◆ RECORDED INFORMATION ◆
▶
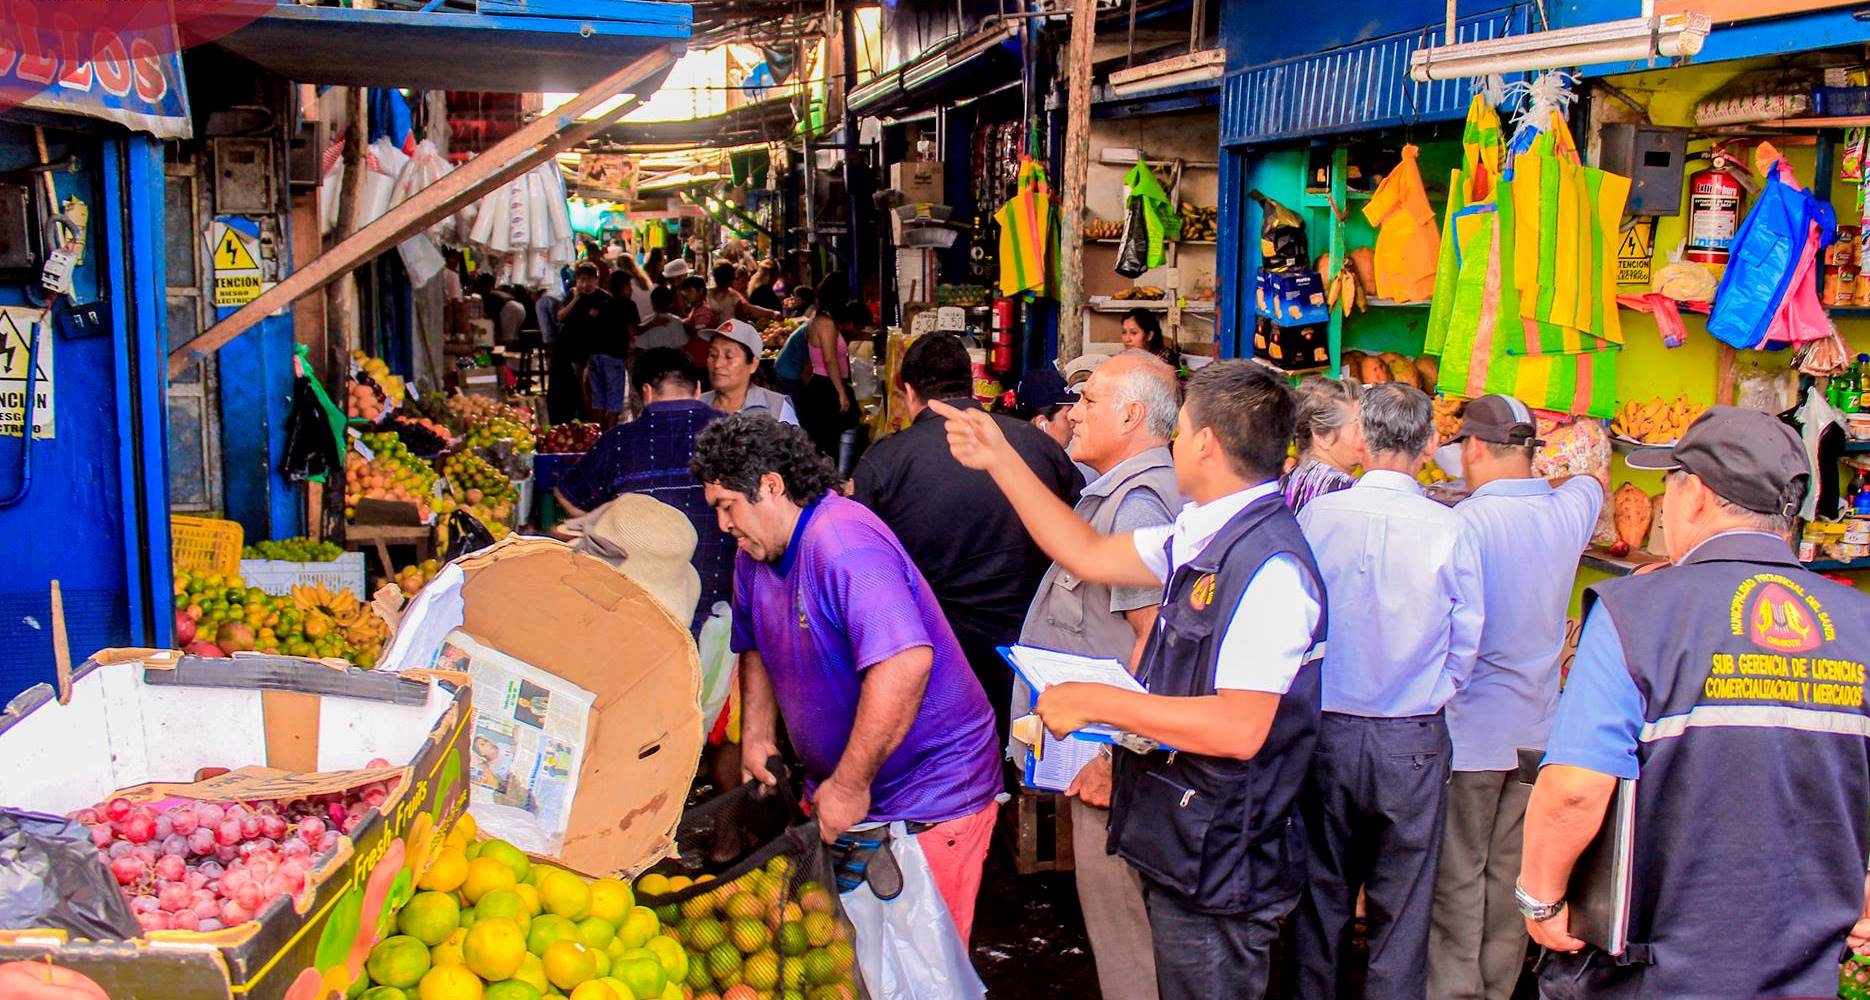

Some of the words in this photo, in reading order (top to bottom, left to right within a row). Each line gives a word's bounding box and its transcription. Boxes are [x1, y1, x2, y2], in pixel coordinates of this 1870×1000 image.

[0, 392, 47, 409] NCIN
[1730, 578, 1757, 636] MUNICIPALIDAD
[1754, 573, 1805, 597] PROVINCIAL
[1804, 594, 1822, 613] DEL
[1817, 611, 1836, 641] SANTA
[1711, 653, 1735, 675] SUB
[1738, 653, 1789, 677] GERENCIA
[1791, 657, 1808, 678] DE
[1811, 658, 1865, 685] LICENCIAS
[1705, 676, 1799, 702] COMERCIALIZACION
[1801, 681, 1811, 703] Y
[1812, 682, 1864, 707] MERCADOS
[353, 819, 393, 891] Fresh
[394, 780, 428, 836] Fruits
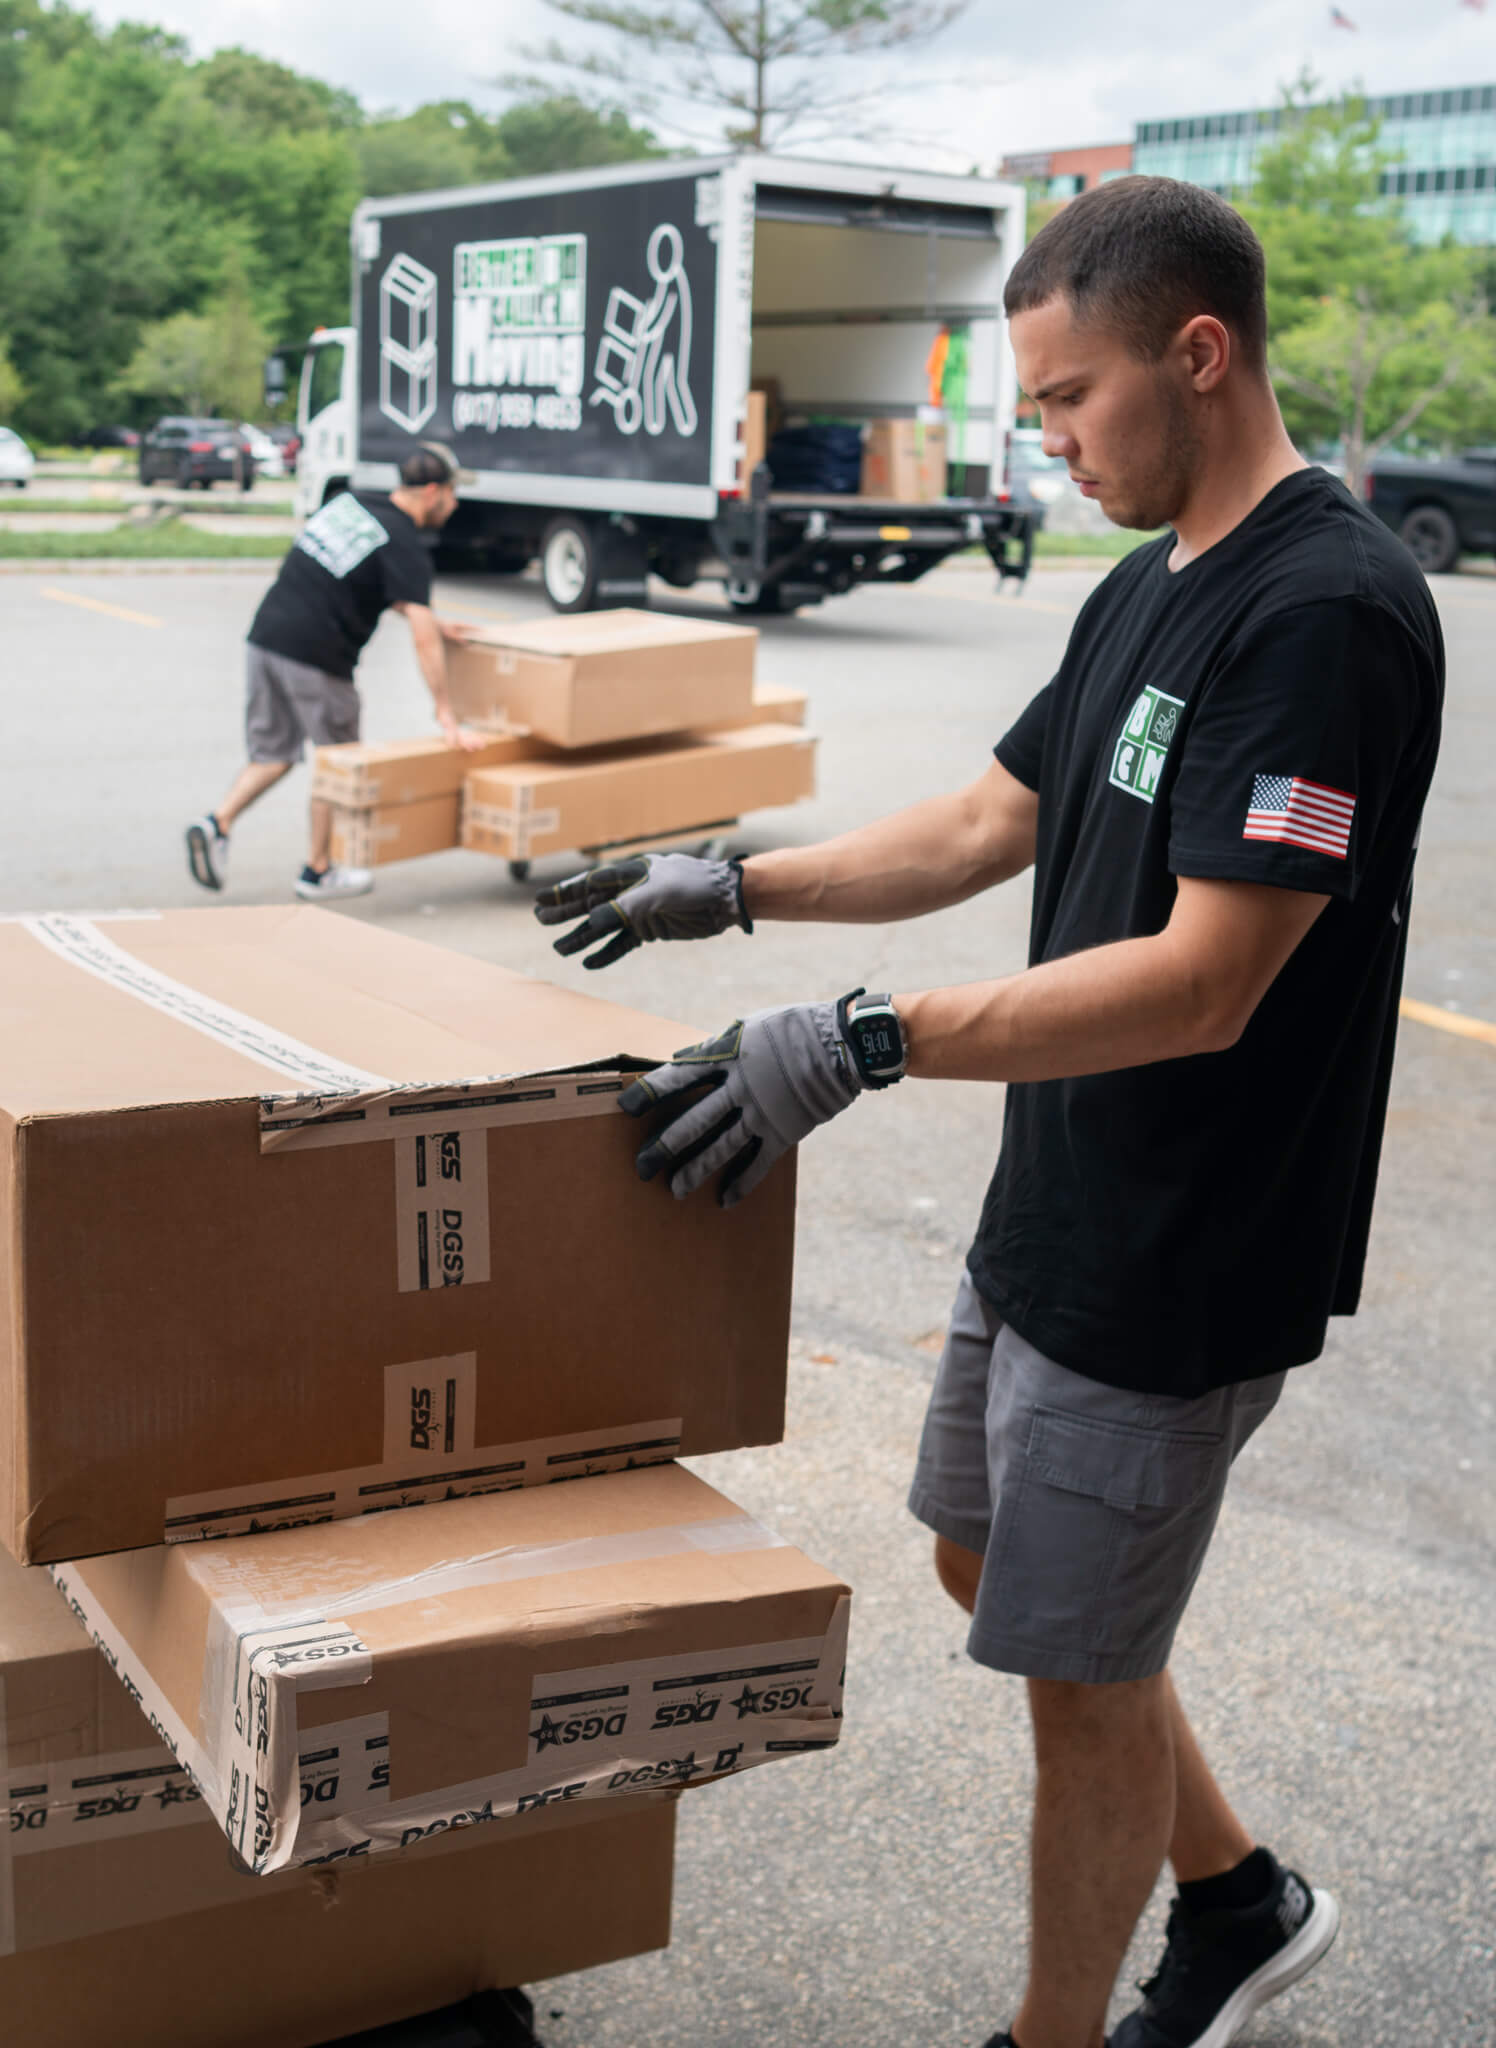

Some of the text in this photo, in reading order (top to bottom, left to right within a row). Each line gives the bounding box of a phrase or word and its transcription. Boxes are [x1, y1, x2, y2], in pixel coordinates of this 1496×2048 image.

[453, 296, 585, 395] Moving
[861, 1031, 891, 1055] 10:15
[442, 1209, 464, 1271] DGS
[410, 1386, 432, 1450] DGS
[562, 1712, 628, 1745] DGS
[650, 1699, 721, 1730] DGS
[606, 1760, 672, 1790] DGS
[71, 1794, 143, 1823] DGS
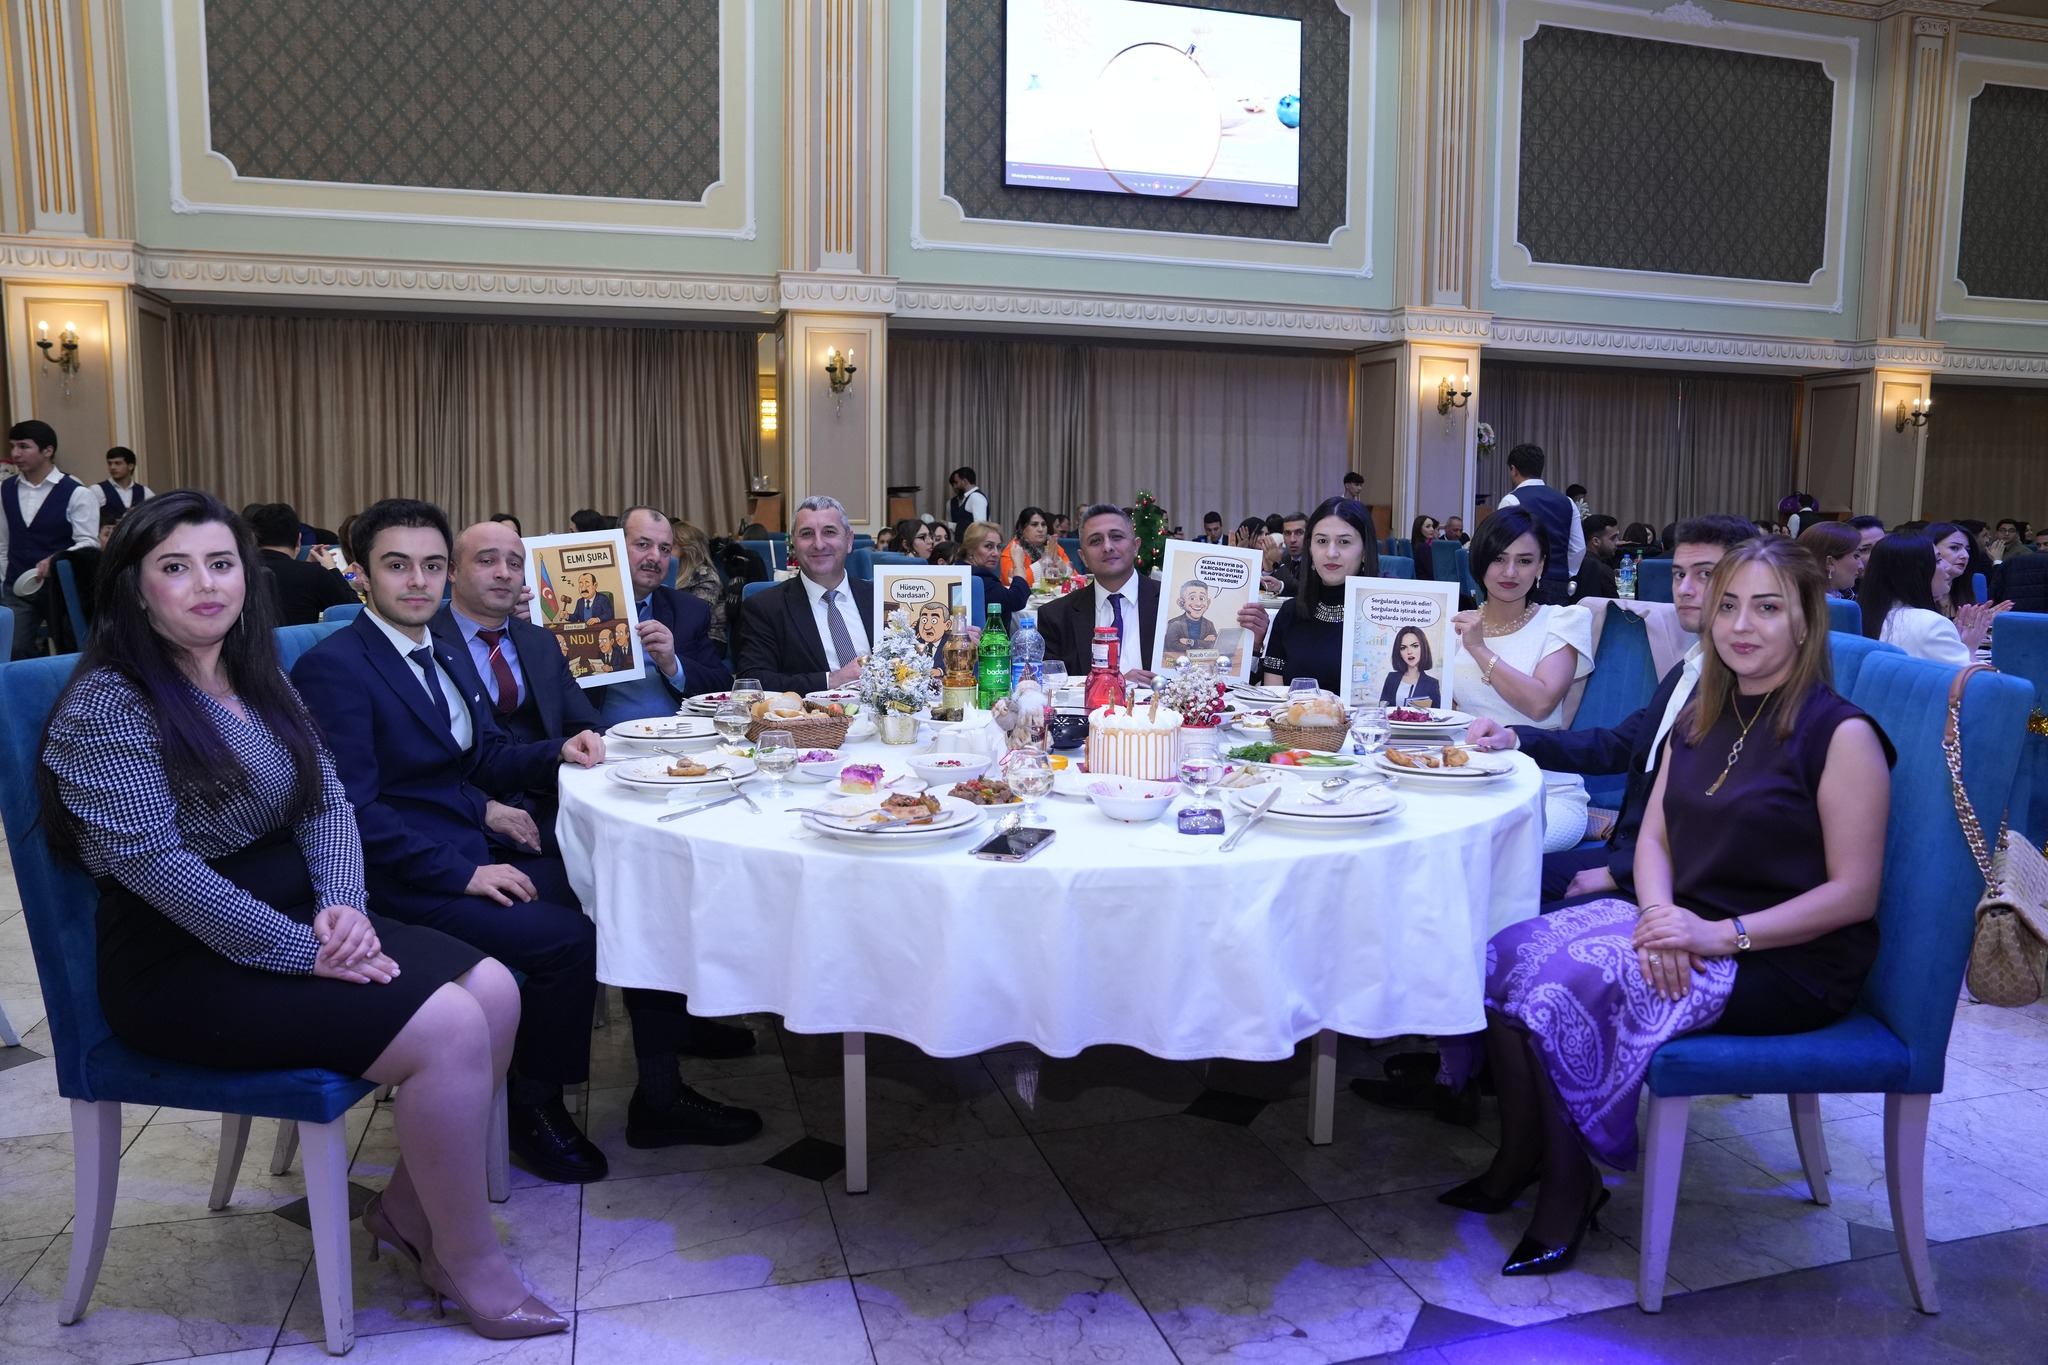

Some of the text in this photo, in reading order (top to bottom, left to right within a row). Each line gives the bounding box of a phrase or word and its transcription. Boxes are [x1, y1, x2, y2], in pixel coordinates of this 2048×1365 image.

[566, 552, 609, 564] ELMİ ŞURA
[896, 591, 930, 599] hardasan?
[1371, 597, 1400, 605] Sorğularda
[1371, 605, 1399, 613] Sorğularda
[1370, 613, 1399, 621] Sorğularda
[569, 634, 595, 645] NDU
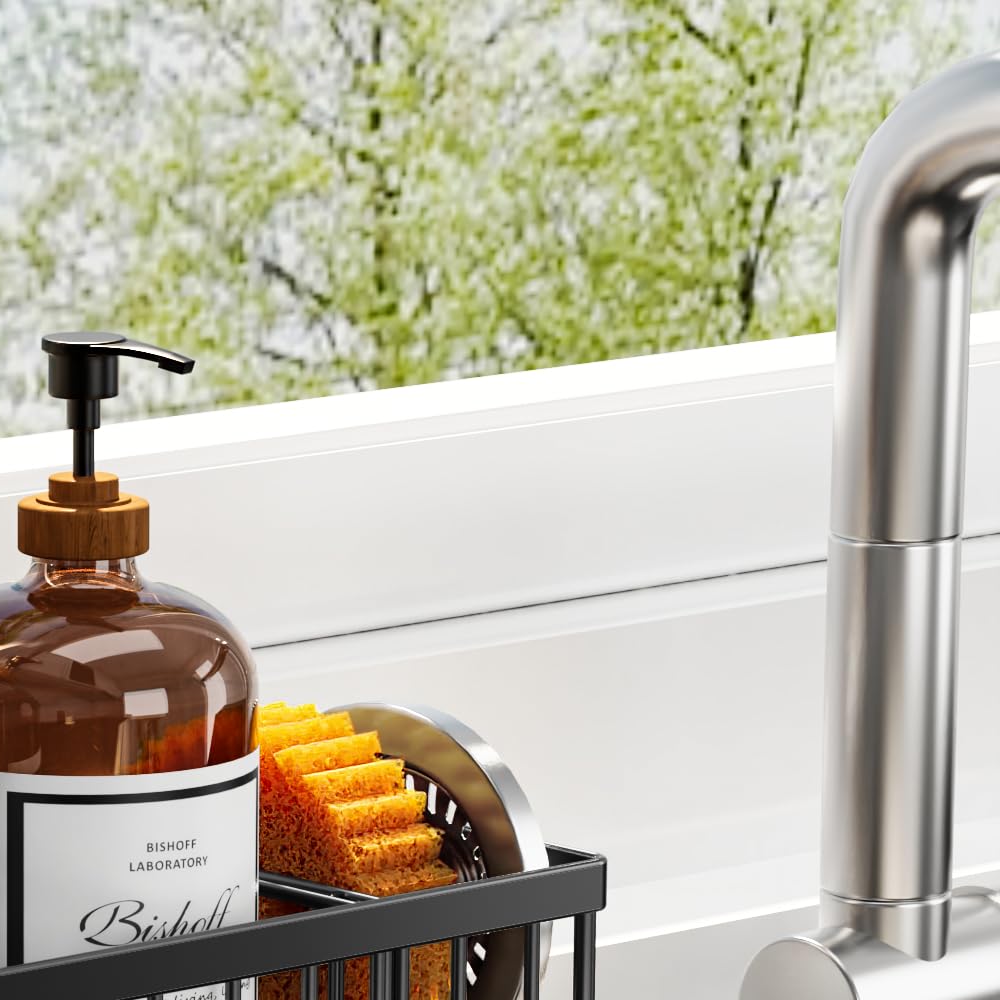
◀
◆ WHAT THE TASK REQUIRES ◆
Every line above is to be written out unchanged, with the pictures omitted.

◆ TASK ANSWER ◆
Some of the words in this photo, in reading order (top to bottom, left to right within a row). Each line gives a word's bounding box and its transcription. Boxes are [x1, y1, x2, y2], in pixel coordinates of this 1870×1000 image.

[0, 392, 47, 409] NCIN
[1730, 578, 1757, 636] MUNICIPALIDAD
[1754, 573, 1805, 597] PROVINCIAL
[1804, 594, 1822, 613] DEL
[1817, 611, 1836, 641] SANTA
[1711, 653, 1735, 675] SUB
[1738, 653, 1789, 677] GERENCIA
[1791, 657, 1808, 678] DE
[1811, 658, 1865, 685] LICENCIAS
[1705, 676, 1799, 702] COMERCIALIZACION
[1801, 681, 1811, 703] Y
[1812, 682, 1864, 707] MERCADOS
[353, 819, 393, 891] Fresh
[394, 780, 428, 836] Fruits

Some of the text in this photo, in reading order (top to bottom, left to right within a row). Each line gives the bounding box of a phrase or word and its transcription. Boxes are [x1, y1, x2, y2], in pixel coordinates of this 1496×2048 image.

[453, 296, 585, 395] Moving
[861, 1031, 891, 1055] 10:15
[442, 1209, 464, 1271] DGS
[410, 1386, 432, 1450] DGS
[562, 1712, 628, 1745] DGS
[650, 1699, 721, 1730] DGS
[606, 1760, 672, 1790] DGS
[71, 1794, 143, 1823] DGS

Some of the text in this photo, in reading order (top to bottom, left to right within a row). Each line gives the bounding box of a phrase or word and its transcription. Boxes are [x1, y1, x2, y2], in pixel coordinates of this 2048×1365 image.

[566, 552, 609, 564] ELMİ ŞURA
[896, 591, 930, 599] hardasan?
[1371, 597, 1400, 605] Sorğularda
[1371, 605, 1399, 613] Sorğularda
[1370, 613, 1399, 621] Sorğularda
[569, 634, 595, 645] NDU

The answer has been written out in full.